What Is a Wetsuit and How Does It Work?

What Is a Wetsuit and How Does It Work?

What Is a Wetsuit and How Does It Work? If you plan to go exploring deep under the sea using scubagear, there’s one essential item you’re going to need: a wetsuit. Sometimes called a “wettie” by surfers, wetsuits offer protection from cold water temperatures for a variety of watersports. Their purpose is to keep you warm, and they do it by allowing you to get just a little bit wet!

It may seem odd to think about surfers wearing wetsuits. After all, don’t surfers usually surf in warm places, like California? It’s easier to understand, though, when you know more about the scientific properties of air and water. Water conducts heat away from your body about 20 times more quickly than air does. Air that’s 80 degrees may feel plenty hot. Water that’s 80 degrees, however, is still about 18 degrees cooler than your core body temperature. Once you’re submerged in that water, it won’t take long to feel quite cool.

A wetsuit keeps you warm by trapping a very thin layer of water against your body. To work properly, a wetsuit should fit very tightly against the body. In addition, the thicker it is, the warmer it will keep you. As soon as you enter the water, the wetsuit allows a tiny amount of water to form a thin layer against your skin. Your skin rapidly heats up this thin layer of water to very near your body temperature.

The wetsuit then holds in that heat because of the materials it’s made of. Most wetsuits are constructed of a thick layer of a special type of rubber called neoprene. Neoprene contains thousands of tiny air bubbles that act as insulators, trapping heat inside the wetsuit rather than releasing it into the water. Wetsuits come in a wide variety of designs. Some are full body suits. Others consist of shorts and short sleeves. Many wetsuits have thicker layers around the torso to keep core temperature up, while the extremities are covered in thinner layers to allow greater ease of movement.

In addition to keeping you warm, wetsuits can offer valuable protection. Even in warm waters, you may find divers wearing wetsuits to protect themselves from jellyfish stings or sharp-edged reefs. There’s some dispute as to who invented the wetsuit. Americans Jack O’Neill and Dr. Hugh Bradner both developed wetsuits made from neoprene.
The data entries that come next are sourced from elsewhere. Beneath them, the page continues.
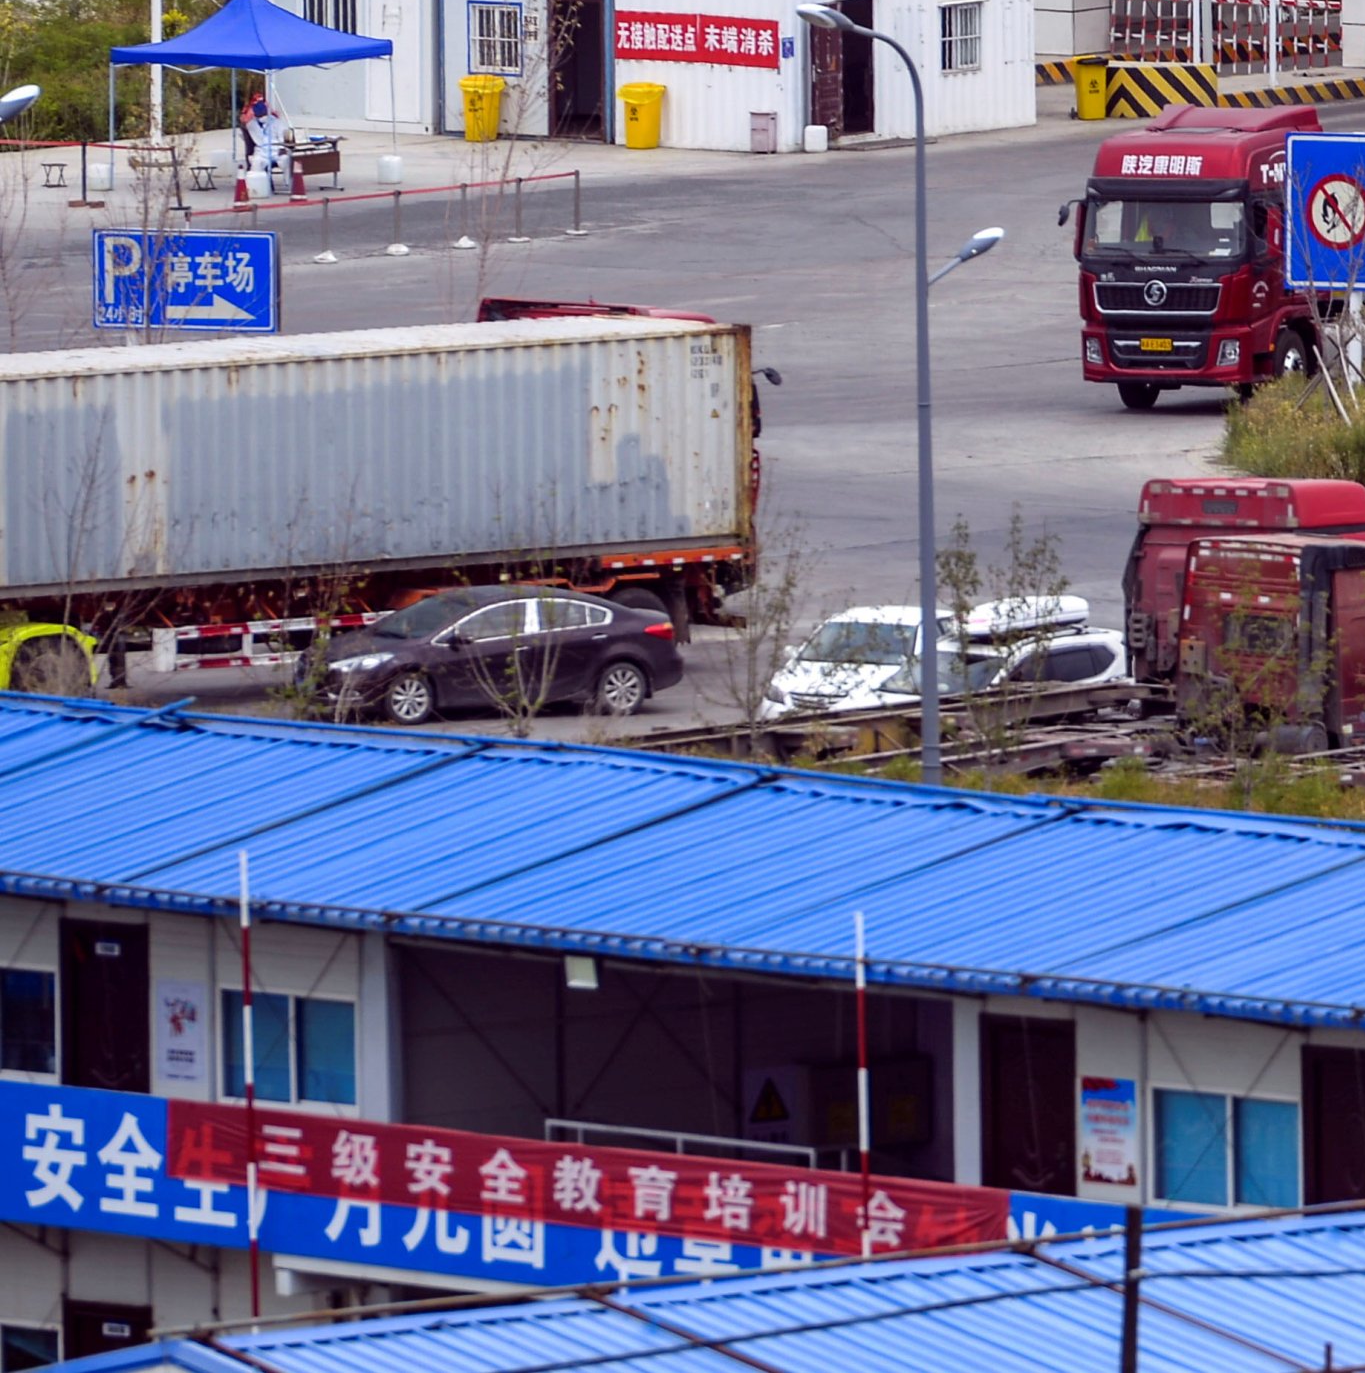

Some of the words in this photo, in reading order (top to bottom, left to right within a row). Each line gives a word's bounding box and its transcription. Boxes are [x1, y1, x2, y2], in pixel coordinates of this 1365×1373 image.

[617, 21, 697, 52] 无接触配送点
[704, 24, 775, 57] 末端消杀
[1121, 154, 1204, 176] 陕汽康明斯
[103, 235, 142, 304] P
[164, 250, 255, 294] 停车场
[257, 1123, 907, 1248] 三级安全教育培训会
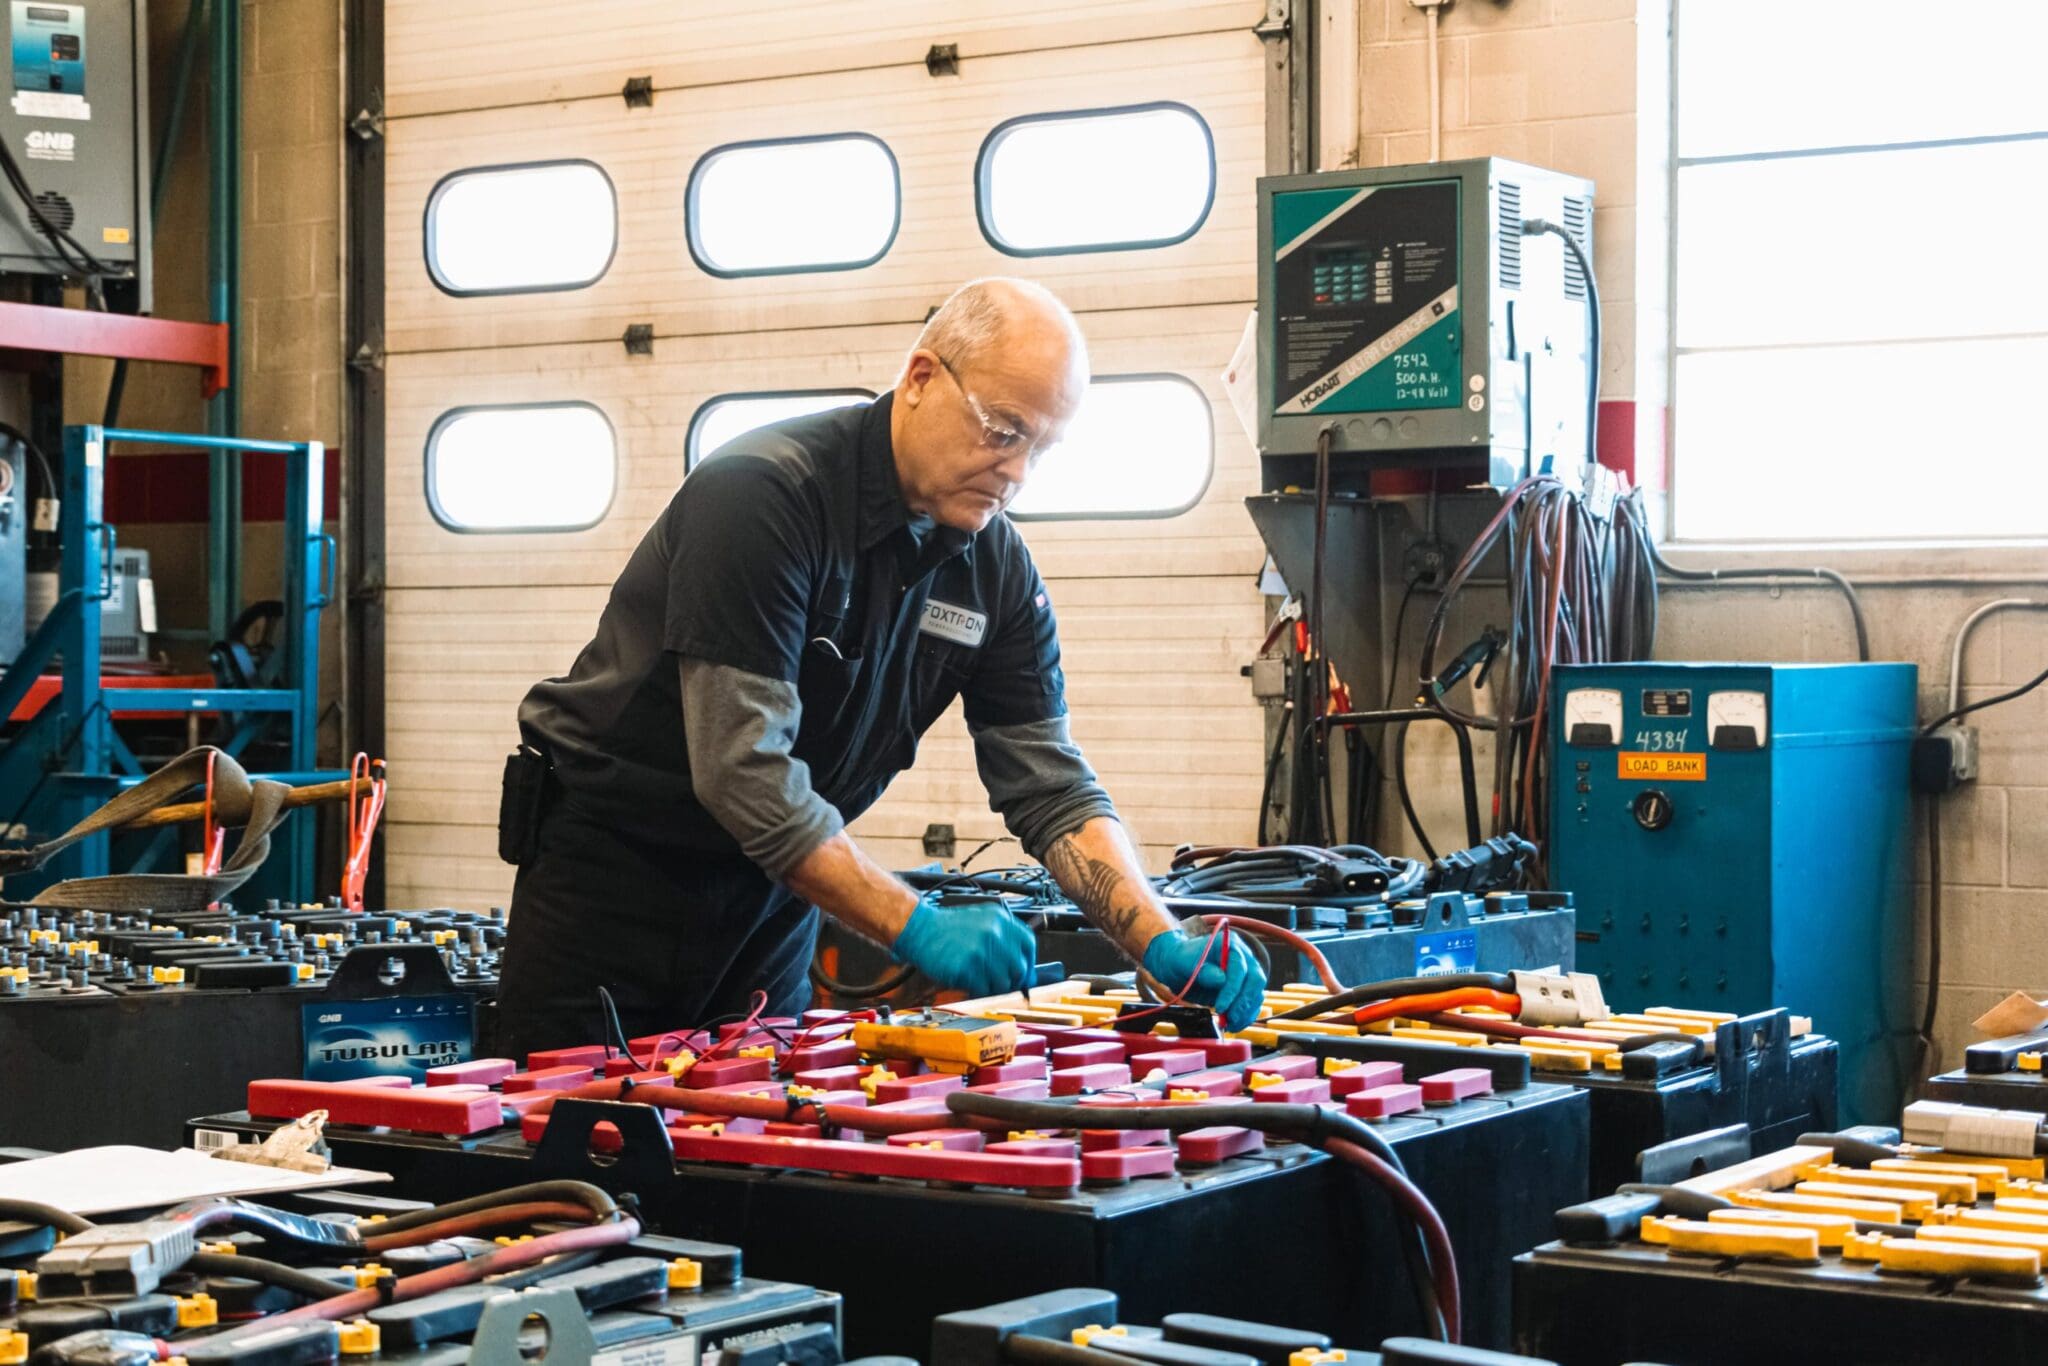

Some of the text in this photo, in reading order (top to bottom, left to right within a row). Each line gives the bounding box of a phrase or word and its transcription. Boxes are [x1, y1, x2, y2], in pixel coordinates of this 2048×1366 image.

[25, 131, 75, 151] GNB
[1393, 352, 1429, 368] 7542
[1299, 372, 1341, 408] HOBART
[1428, 385, 1449, 398] Volt
[923, 603, 984, 633] FOXTRON
[1635, 728, 1688, 752] 4384
[1625, 758, 1699, 772] LOAD BANK
[318, 1014, 342, 1023] GNB
[320, 1041, 460, 1063] TUBULAR
[429, 1055, 460, 1066] LMX
In 1952, UC Berkeley and subsequent UC San Diego SIO physicist Hugh Bradner, who is considered to be the original inventor and “father of the modern wetsuit,” had the insight that a thin layer of trapped water could be tolerated between the suit fabric and the skin, so long as insulation was present in the fabric in the form of trapped bubbles. In this case, the water would quickly reach skin temperature and the air in the fabric would continue to act as the thermal insulation to keep it that way.
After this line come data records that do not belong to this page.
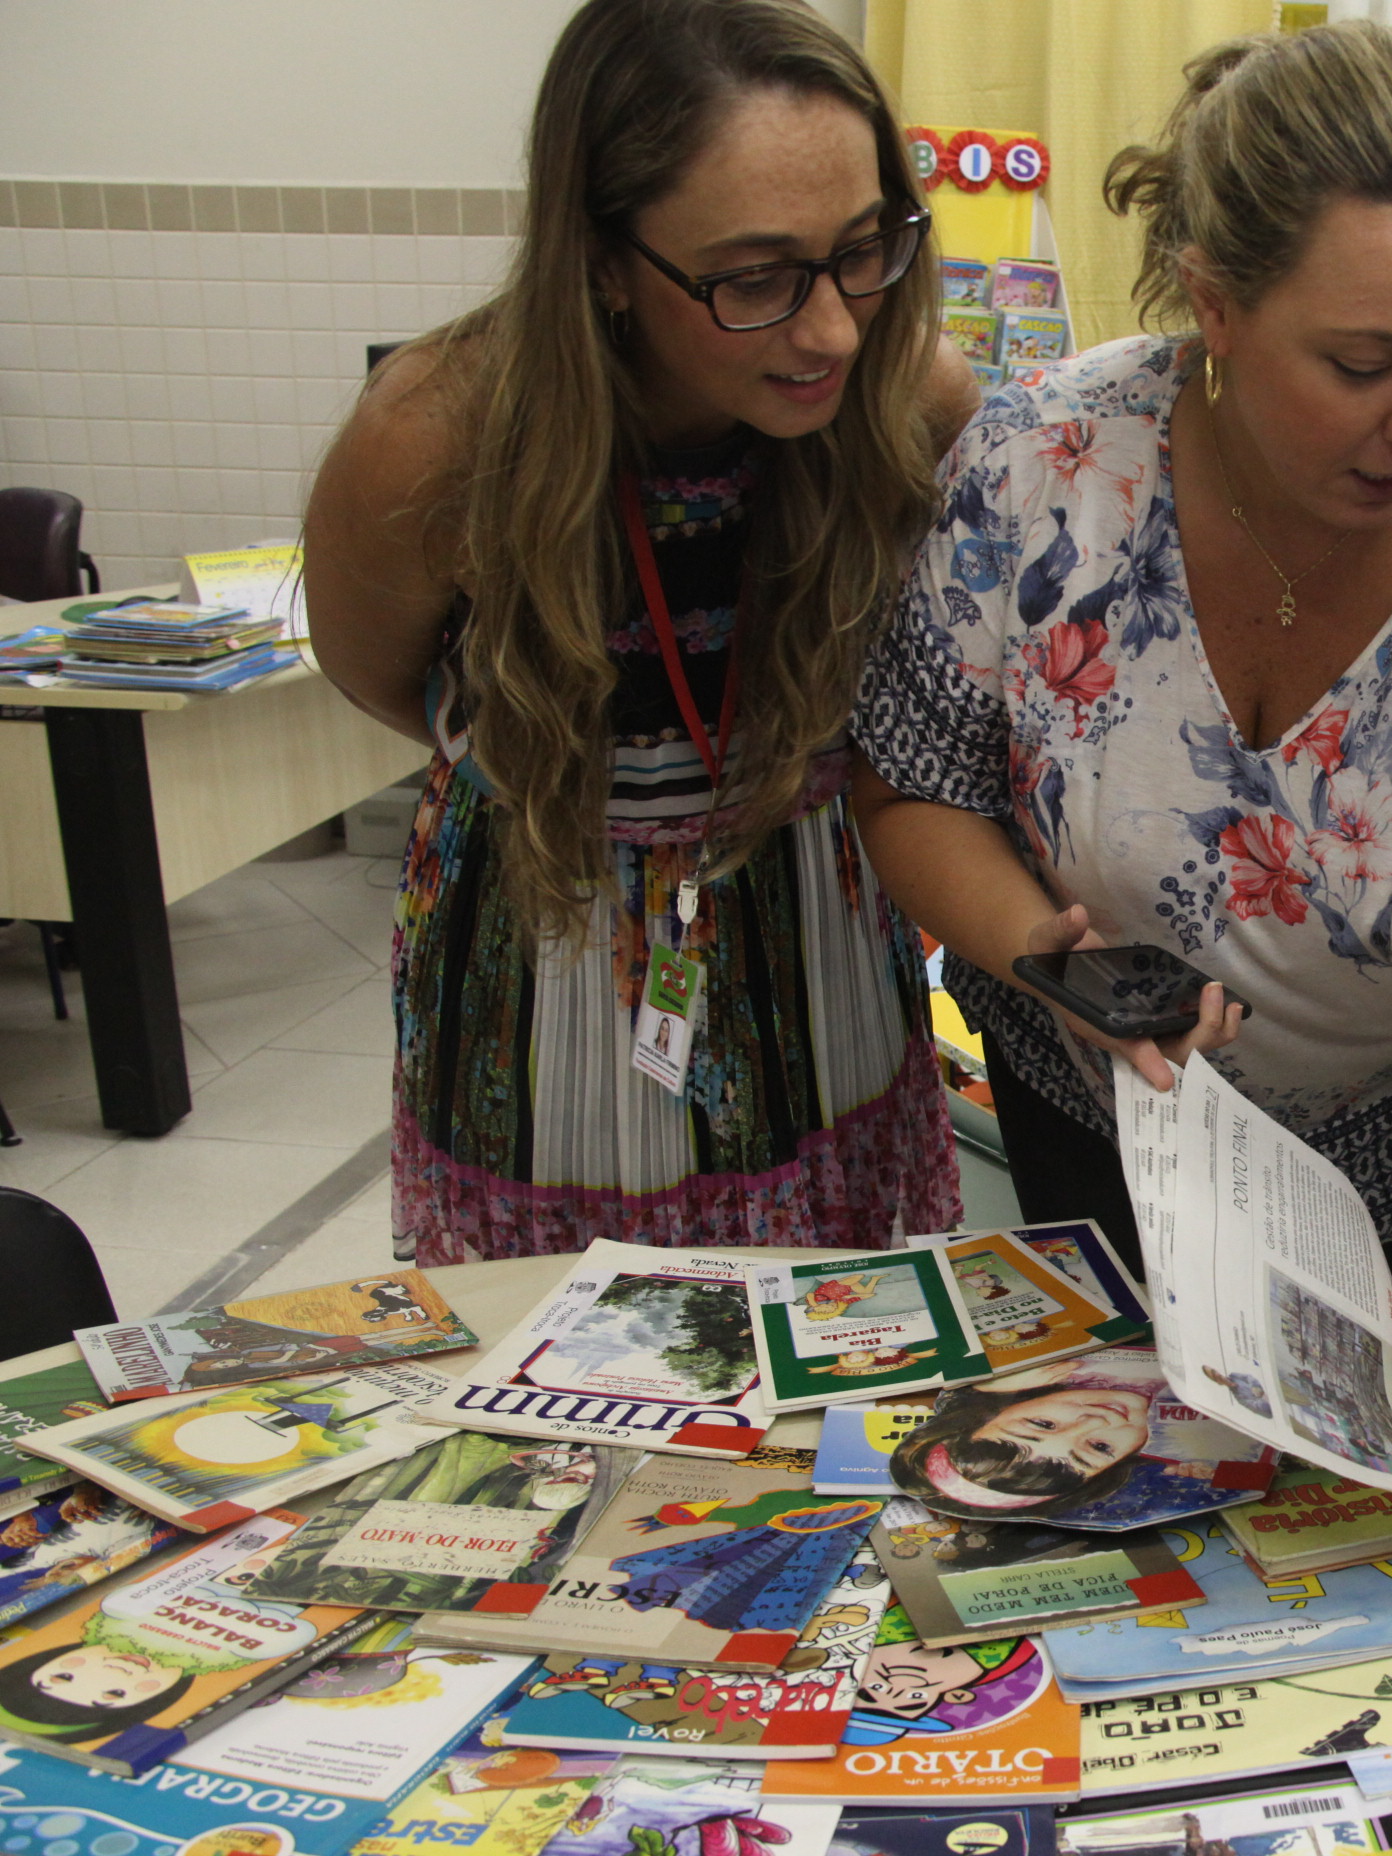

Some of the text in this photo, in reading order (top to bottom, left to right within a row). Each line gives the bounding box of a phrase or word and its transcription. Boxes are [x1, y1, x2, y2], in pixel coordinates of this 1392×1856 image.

[1232, 1114, 1249, 1213] PONTO FINAL
[1264, 1202, 1274, 1215] de
[658, 1264, 738, 1280] Adormecida
[690, 1257, 740, 1270] Nevada
[529, 1299, 569, 1334] Troca-troca
[552, 1305, 578, 1329] Projeto
[1001, 1306, 1047, 1322] Beto
[820, 1324, 906, 1342] Tagarela
[848, 1337, 882, 1347] Bia
[344, 1368, 419, 1398] menino
[550, 1422, 631, 1439] Contos de
[626, 1486, 721, 1501] RUTH ROCHA
[628, 1480, 729, 1496] OTÁVIO ROTH
[398, 1559, 498, 1575] HERBERTO
[1035, 1565, 1077, 1579] STELLA
[128, 1556, 215, 1601] Troca-troca
[163, 1567, 217, 1598] Projeto
[972, 1573, 1118, 1602] FICA DE FORA!
[552, 1600, 610, 1612] LIVRO
[967, 1599, 1025, 1616] MEDO
[1033, 1591, 1075, 1607] TEM
[1198, 1622, 1322, 1645] José Paulo Paes
[1235, 1634, 1296, 1647] Poemas de
[310, 1637, 349, 1662] CARRASCO
[1199, 1690, 1222, 1707] O
[1232, 1686, 1260, 1701] E
[1131, 1694, 1184, 1717] PÉ
[1100, 1708, 1246, 1742] JOÃO
[1144, 1742, 1222, 1763] César
[220, 1755, 265, 1768] Moderna
[267, 1763, 303, 1776] Editora
[845, 1747, 1054, 1779] OTÁRIO
[903, 1775, 1041, 1787] onfissões de um
In the popular mind, the layer of water between skin and suit has been credited with providing the insulation. But as his letter notes, Dr. Bradner clearly understood the suit did not need to be wet because it isn’t the water that provides the insulation but rather the gas in the suit fabric. He initially sent his ideas to Lauriston C. “Larry” Marshall. Marshall was involved in a U.S. Navy/National Research Council Panel on Underwater Swimmers. However, it was Willard Bascom, an engineer at the Scripps Institution of Oceanography in La Jolla, California, who suggested neoprene as a feasible material to Bradner.

neoprene wetsuit design

However, Bradner and Bascom were not overly interested in profiting from their design and were unable to successfully market a version to the public. They attempted to patent their neoprene wetsuit design, but their application was rejected because the design was viewed as too similar to a flight suit. The United States Navy also turned down Bradner’s and Bascom’s offer to supply its swimmers and frogmen with the new wetsuits due to concerns that the gas in the neoprene component of the suits might make it easier for naval divers to be detected by underwater sonar. The first written documentation of Bradner’s invention was in a letter to Marshall, dated June 21, 1951.

Jack O’Neill started using closed-cell neoprene foam which was shown to him by his bodysurfing friend, Harry Hind, who knew of it as an insulating material in his laboratory work. After experimenting with the material and finding it superior to other insulating foams, O’Neill founded the successful wetsuit manufacturing company called O’Neill in a garage in 1952, later relocating to Santa Cruz, California in 1959 with the motto “It’s Always Summer on the Inside”. Bob and Bill Meistrell, from Manhattan Beach, California, also started experimenting with neoprene around 1953. They started a company which would later be named Body Glove.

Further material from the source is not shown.